Records for the task =
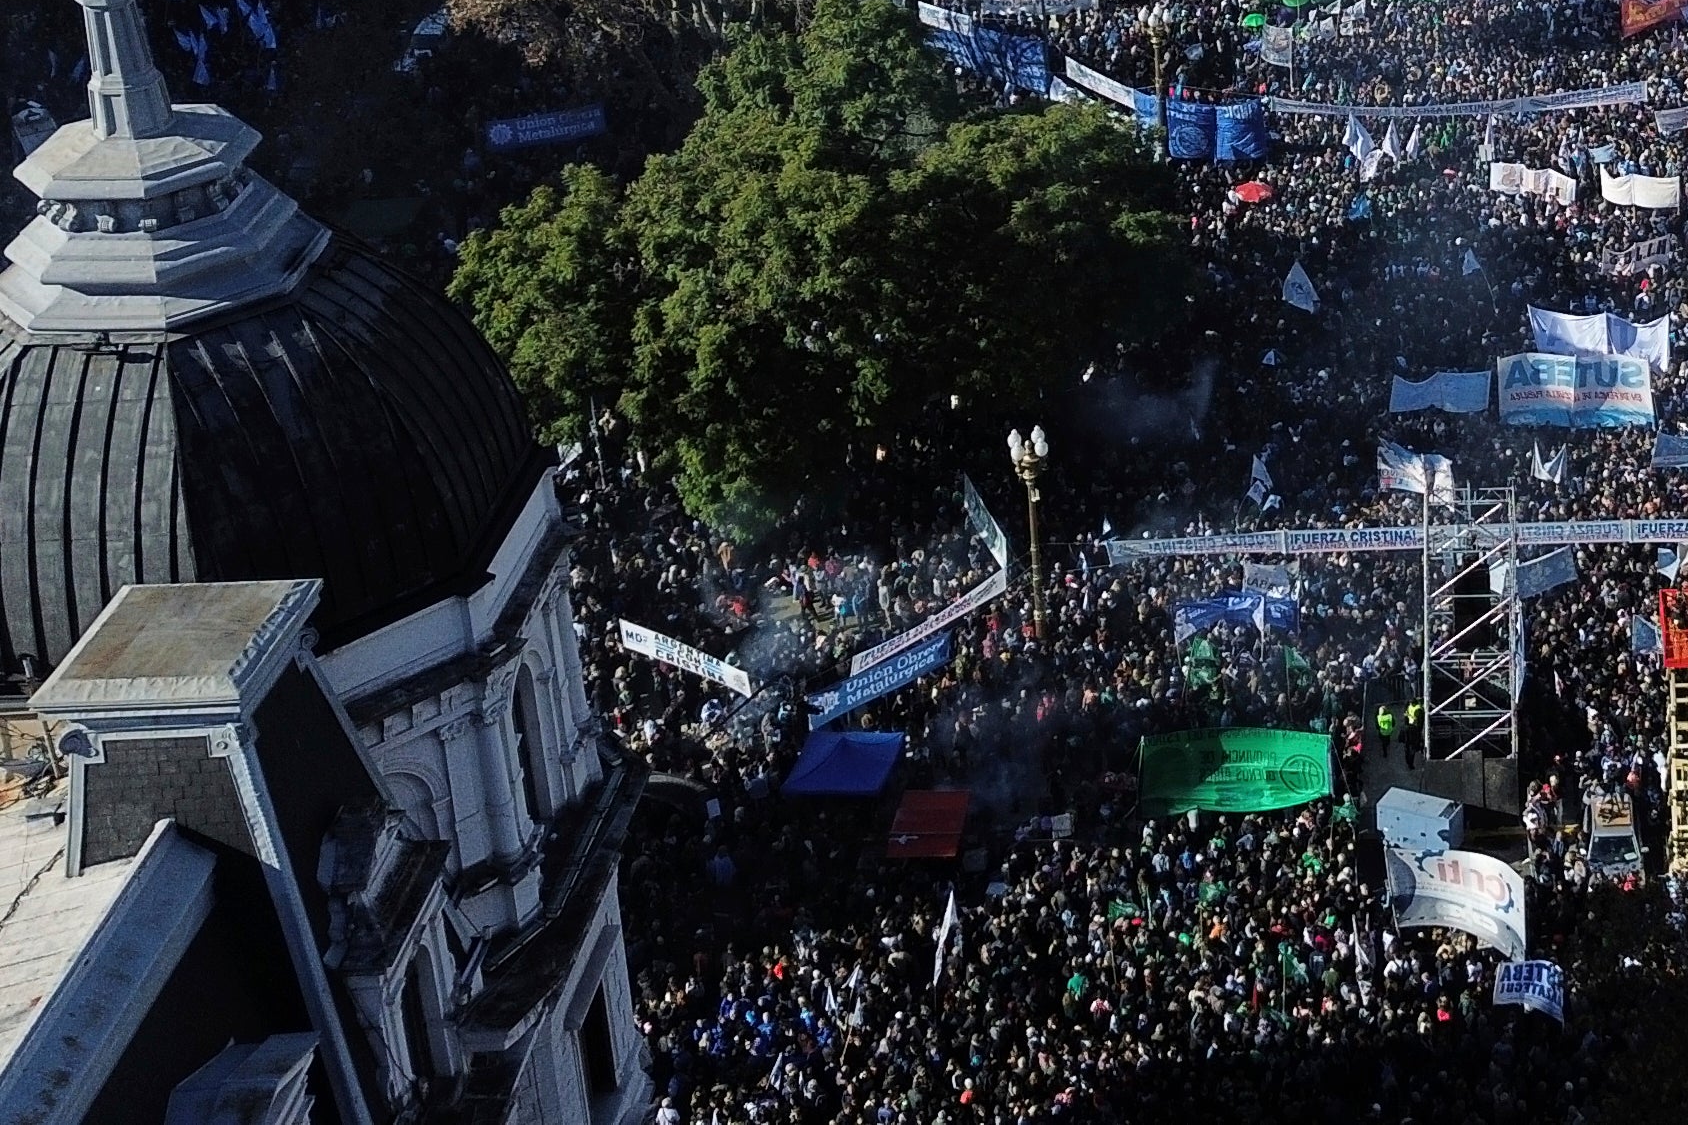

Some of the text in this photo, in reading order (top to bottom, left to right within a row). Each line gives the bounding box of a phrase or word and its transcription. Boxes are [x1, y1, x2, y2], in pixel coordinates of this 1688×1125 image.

[1350, 530, 1417, 543] CRISTINA!
[654, 633, 721, 667] ARGENTINA
[655, 649, 726, 686] CRISTINA
[845, 662, 893, 693] Unión

Aim of the task =
Copy the whole of the material above exactly, but not its images.

Problem solution =
Some of the text in this photo, in reading order (top to bottom, left to right within a row). Each line gives the bounding box of a phrase or word and its transcription. Boxes are [x1, y1, x2, y2], in pixel coordinates of this 1688×1125 image.

[1350, 530, 1417, 543] CRISTINA!
[654, 633, 721, 667] ARGENTINA
[655, 649, 726, 686] CRISTINA
[845, 662, 893, 693] Unión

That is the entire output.